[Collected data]
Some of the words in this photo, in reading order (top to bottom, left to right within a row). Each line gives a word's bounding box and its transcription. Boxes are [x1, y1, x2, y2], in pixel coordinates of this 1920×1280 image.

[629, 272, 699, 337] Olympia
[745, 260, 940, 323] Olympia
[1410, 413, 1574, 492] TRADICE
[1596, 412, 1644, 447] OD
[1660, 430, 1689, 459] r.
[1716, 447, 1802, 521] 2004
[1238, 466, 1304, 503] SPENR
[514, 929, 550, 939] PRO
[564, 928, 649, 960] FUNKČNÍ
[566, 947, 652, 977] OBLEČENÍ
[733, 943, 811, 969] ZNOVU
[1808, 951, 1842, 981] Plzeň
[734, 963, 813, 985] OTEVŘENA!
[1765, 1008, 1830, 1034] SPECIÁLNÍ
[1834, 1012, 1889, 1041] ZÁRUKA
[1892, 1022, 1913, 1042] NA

**Exercise brief:** Line by line, the data should be returned exactly as written.

**Expected answer:**
Some of the words in this photo, in reading order (top to bottom, left to right within a row). Each line gives a word's bounding box and its transcription. Boxes are [x1, y1, x2, y2], in pixel coordinates of this 1920×1280 image.

[629, 272, 699, 337] Olympia
[745, 260, 940, 323] Olympia
[1410, 413, 1574, 492] TRADICE
[1596, 412, 1644, 447] OD
[1660, 430, 1689, 459] r.
[1716, 447, 1802, 521] 2004
[1238, 466, 1304, 503] SPENR
[514, 929, 550, 939] PRO
[564, 928, 649, 960] FUNKČNÍ
[566, 947, 652, 977] OBLEČENÍ
[733, 943, 811, 969] ZNOVU
[1808, 951, 1842, 981] Plzeň
[734, 963, 813, 985] OTEVŘENA!
[1765, 1008, 1830, 1034] SPECIÁLNÍ
[1834, 1012, 1889, 1041] ZÁRUKA
[1892, 1022, 1913, 1042] NA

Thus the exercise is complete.